This is a passage taken from the diary of the Heian era
author, Lady Murasaki Shikibu
. This was written around the year 1008. For greater biographical information, just click the hard link.
My translation is unpolished but I hope it will do.
Having nothing excellent about me, I have passed my days without making any special impression
on any one. Especially the fact that I have no man who will look out for my future leaves me without comfort
I do not want to bury myself in such dreariness. Is it because of my worldly concerns that I feel lonely?
On moonlit nights in the autumn, when I am hopelessly sad, I often stand out on the balcony and look dreamily up at the moon. It makes me think of days gone by. People say that it is dangerous to look at the moon when alone, but something impels me, and sitting a little withdrawn I muse there.
In the evening’s cool breezes I play on the koto, though others may not care to hear it.

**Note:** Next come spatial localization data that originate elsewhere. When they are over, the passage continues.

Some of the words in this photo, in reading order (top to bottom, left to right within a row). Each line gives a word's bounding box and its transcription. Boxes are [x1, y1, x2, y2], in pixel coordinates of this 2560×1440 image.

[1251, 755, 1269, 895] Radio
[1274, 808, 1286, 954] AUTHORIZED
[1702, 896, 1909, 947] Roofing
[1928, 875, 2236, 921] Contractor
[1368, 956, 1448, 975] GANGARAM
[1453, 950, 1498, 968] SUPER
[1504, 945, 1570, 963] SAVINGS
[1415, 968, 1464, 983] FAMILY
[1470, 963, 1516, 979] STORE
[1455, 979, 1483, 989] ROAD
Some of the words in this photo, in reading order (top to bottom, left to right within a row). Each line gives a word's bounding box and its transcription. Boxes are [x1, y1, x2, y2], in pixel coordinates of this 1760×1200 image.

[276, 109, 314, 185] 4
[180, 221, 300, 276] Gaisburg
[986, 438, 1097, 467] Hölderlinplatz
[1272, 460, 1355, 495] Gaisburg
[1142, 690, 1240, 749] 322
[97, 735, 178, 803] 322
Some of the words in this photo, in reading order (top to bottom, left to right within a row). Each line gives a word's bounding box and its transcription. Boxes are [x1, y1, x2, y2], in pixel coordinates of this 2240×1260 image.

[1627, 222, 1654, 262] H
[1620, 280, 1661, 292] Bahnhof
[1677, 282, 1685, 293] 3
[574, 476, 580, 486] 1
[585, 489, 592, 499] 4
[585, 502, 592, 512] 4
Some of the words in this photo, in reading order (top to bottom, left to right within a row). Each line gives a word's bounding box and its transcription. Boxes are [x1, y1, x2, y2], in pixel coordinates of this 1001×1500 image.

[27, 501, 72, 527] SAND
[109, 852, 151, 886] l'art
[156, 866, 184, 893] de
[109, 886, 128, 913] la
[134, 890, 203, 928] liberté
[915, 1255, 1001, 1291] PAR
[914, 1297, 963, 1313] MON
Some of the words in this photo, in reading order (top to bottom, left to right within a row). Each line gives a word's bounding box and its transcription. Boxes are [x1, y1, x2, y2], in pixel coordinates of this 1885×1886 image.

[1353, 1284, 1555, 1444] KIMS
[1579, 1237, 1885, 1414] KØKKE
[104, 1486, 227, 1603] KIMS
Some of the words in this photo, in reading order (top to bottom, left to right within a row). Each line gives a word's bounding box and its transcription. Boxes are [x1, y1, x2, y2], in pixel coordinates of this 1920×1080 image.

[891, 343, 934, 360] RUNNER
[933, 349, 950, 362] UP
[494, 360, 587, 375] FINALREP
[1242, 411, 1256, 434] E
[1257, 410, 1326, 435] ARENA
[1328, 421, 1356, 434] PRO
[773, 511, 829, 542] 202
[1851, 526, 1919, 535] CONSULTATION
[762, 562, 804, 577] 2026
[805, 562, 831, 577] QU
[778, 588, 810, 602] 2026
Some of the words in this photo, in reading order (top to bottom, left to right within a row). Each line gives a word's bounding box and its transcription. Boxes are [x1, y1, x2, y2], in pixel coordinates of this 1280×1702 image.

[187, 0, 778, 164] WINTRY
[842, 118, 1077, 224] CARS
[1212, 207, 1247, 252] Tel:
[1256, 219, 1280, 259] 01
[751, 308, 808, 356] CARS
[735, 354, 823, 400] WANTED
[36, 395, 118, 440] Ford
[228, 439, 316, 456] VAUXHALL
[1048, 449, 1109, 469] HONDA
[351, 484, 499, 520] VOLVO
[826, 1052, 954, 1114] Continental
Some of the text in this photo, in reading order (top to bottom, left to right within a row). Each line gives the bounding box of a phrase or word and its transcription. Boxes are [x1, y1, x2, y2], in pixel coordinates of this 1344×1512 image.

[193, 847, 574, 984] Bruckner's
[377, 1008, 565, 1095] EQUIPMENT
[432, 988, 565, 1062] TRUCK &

I fear that my playing betrays my sorrow which then becomes more intense, and I become disgusted with myself, I am so foolish and miserable.
My room is ugly, blackened by smoke. I play on a thirteen or six-stringed koto, but I neglect to take away the bridges even in rainy weather, and I lean it up against the wall between the cabinet and the door jamb. On either side of the koto stands a biwa.
A pair of big bookcases are stuffed with all of the books they can hold. One of them is filled old poems and romances. They are the homes of worms which suddenly frighten us as we turn the pages, so no one ever wants to read them. As to the other cabinet, since the person (her late husband, a scholar of Chinese) put his own books there, not a hand has touched it. When I am bored to death I take out one or two of them; then my maids gather around me and say: "Your life will not be favoured with old age if you do such things. Why do you read Chinese? Not long ago even reading the sutras was not encouraged for women."
They rebuke me in the shadows (behind her back). I have heard it and wanted to say, "It is far from certain that he who does no forbidden thing enjoys a long life," but it would be a lack of reserve to say it. Our deeds vary with our age and deeds vary with the individual. Some are arrogant of learning, others only look over old cast-away writings because they are bored with having nothing to do. It would not be becoming for such a one to chatter away about religious thoughts, noisily shaking a rosary. I feel this, and before my women keep myself from doing what otherwise I could do easily.
But after all, when I was amongst the ladies of the Court I did not say what I wanted to say either, for it is useless to talk with those who do not understand one and troublesome to talk with those who criticize from a feeling of superiority. One-sided people are particularly annoying. Few are accomplished in many arts and most cling narrowly to their own opinion.
“Pretty but coy”, “too shrinking”, “unsociable”, “arrogant”, “fond of romances”, “vain and poetic”, “looking down upon others yet with a jealous eye”. These are the opinions of those who do not know me. But after seeing me they say, "You are wonderfully gentle to meet with; I cannot identify you with the one I pictured."
I see that I have been slighted, despised, and looked down upon as an old gossip. And I must bear it, for it is my destiny to be solitary.